I've been working on my posture and I think i'm starting to get it. Been bringing my kashi bars to work, eat 2 a day at work so it keeps me from the junk. but i'm like starving by the time i leave work and so, maybe i should think of a better plan... like... apples or bringing sandwiches or something. I wish I could cook at home. i have some fresh herbs waiting for me! I didn't shop after work! but i did today.. (got flowers and candles only tho!) but will probably shop tomorrow because... i'm bad like that. seriously about to start the envelope budgeting system. lol. more about that later.
speaking of which... thinking about starting a new blog. one more about the random good ideas i come across... about home design and financial advice and now, strangely, weddings(u know... I always wondered why i wasn't striving to be like a wedding planner or something. As much as I'm obsessed with decor and love, i would think i'd be watching wedding shows at least as religiously as I do hgtv lol)... and other ideas i have... about like meditation and philosophy and relationships and books and music... you know, everything. like everything that doesn't really fit into this journal-like blog lol.
and my final topic of the day is.... I overcame a grudge! though his first impression was terrible the first time i met him, the second time was much better. saw a softer side of him, saw that my sister was happy and it allowed me to get over it. to FORGIVE. Something i was honestly afraid would never happen. Forgetting is still probably nowhere in the near future, but with that hatred gone, I'm a happier person and I can be happier for her. YEY!

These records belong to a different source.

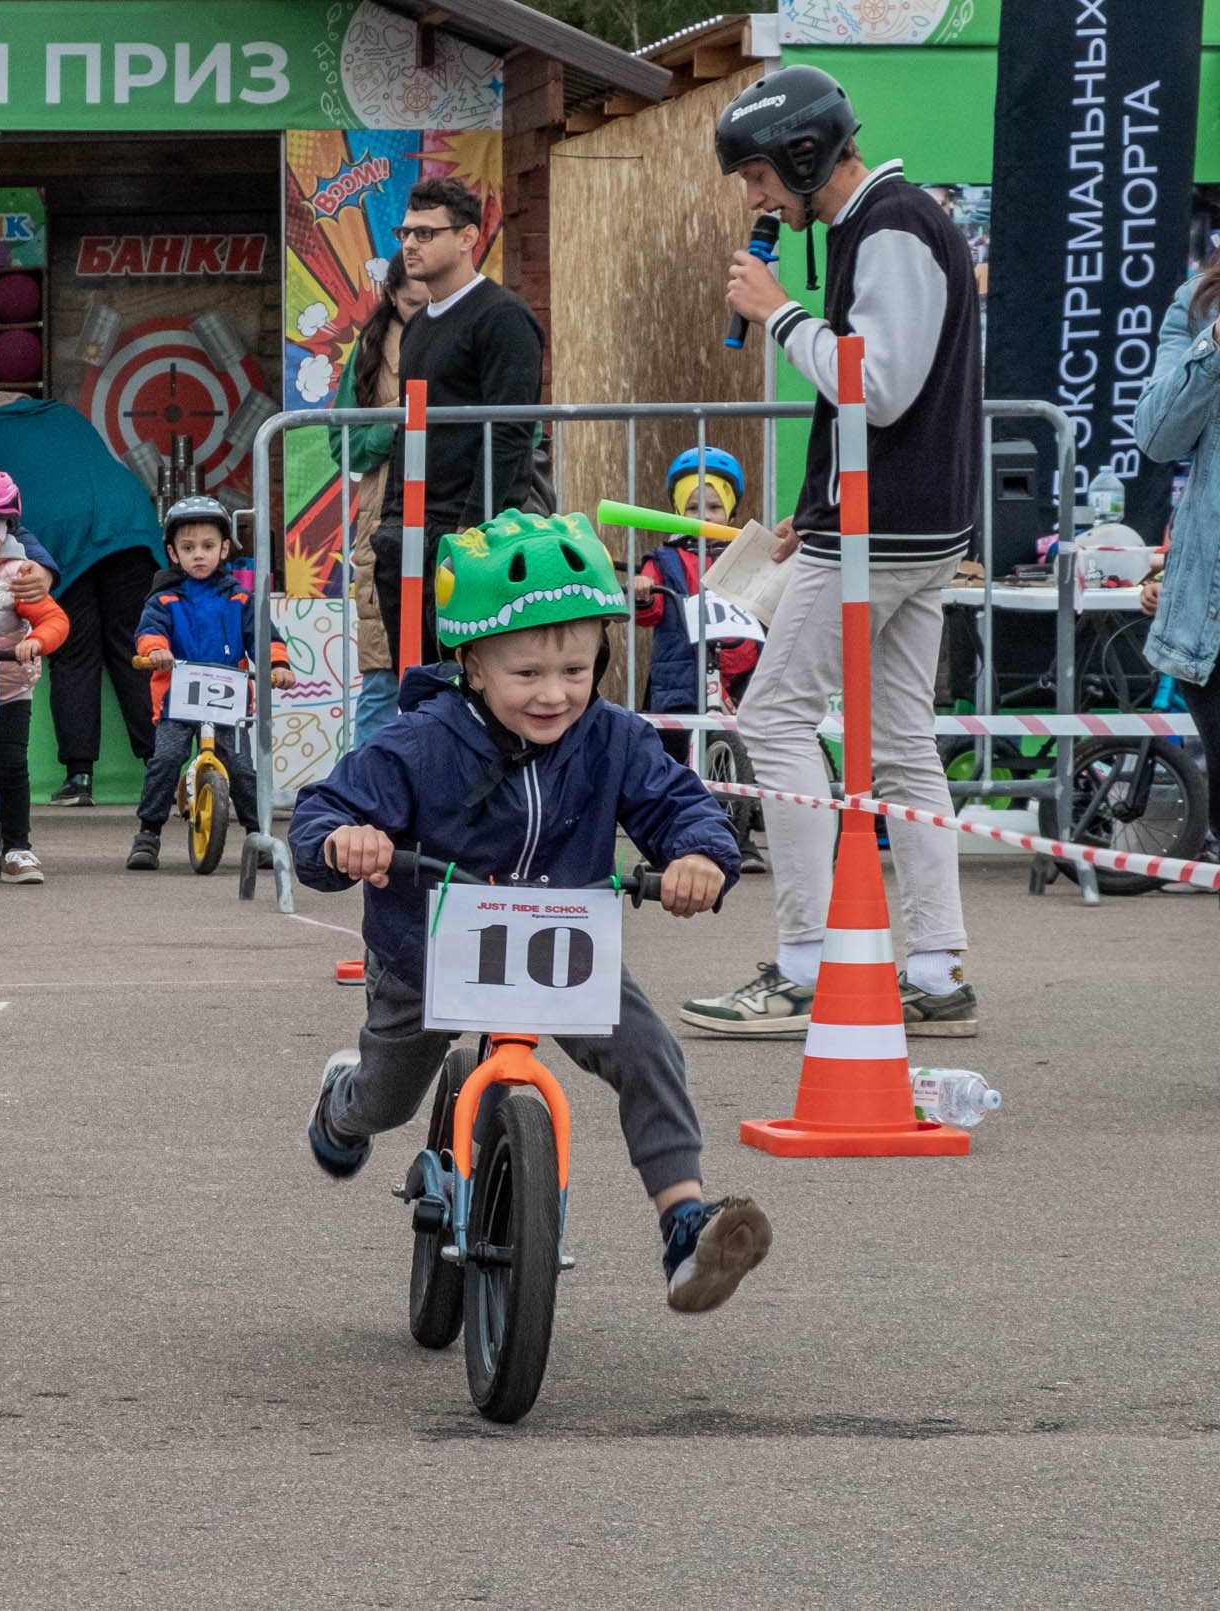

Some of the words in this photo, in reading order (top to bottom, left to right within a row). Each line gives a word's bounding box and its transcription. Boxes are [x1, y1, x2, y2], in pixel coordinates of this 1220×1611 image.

[45, 41, 291, 105] ПРИЗ
[312, 157, 390, 216] BOOM!!
[1121, 80, 1161, 289] СПОРТА
[76, 234, 267, 276] БАНКИ
[1109, 305, 1151, 479] ВИДОВ
[182, 680, 236, 711] 12
[477, 902, 507, 911] JUST
[512, 904, 540, 913] RIDE
[545, 905, 588, 914] SCHOOL
[464, 924, 594, 989] 10

Now that the week's over, I can see what I failed about, lol:
I did work on meditation and tagalog, but not as much as I would have wished. If you count reading the meditation book as starting reading a book, then yes. I did. lol. Tried writing my cover letter but did not send any applications. I'm too much of a pussy.
In addition, I still need to
-send check for aug.
-get hugo's appt for balls-be-gone
-set my appt for blood work
-send out apps way before vacation, change voicemail message also

But... I've given up on the guitar thing for the summer because I am, quite simply, so rarely home that it's almost pointless. Other than that...

I want to:
-work on building credit
-devise a plan to start saving up money
-add working out to my daily activities, in short spurts
- take care of my skin better. since, ive already been saving my hair.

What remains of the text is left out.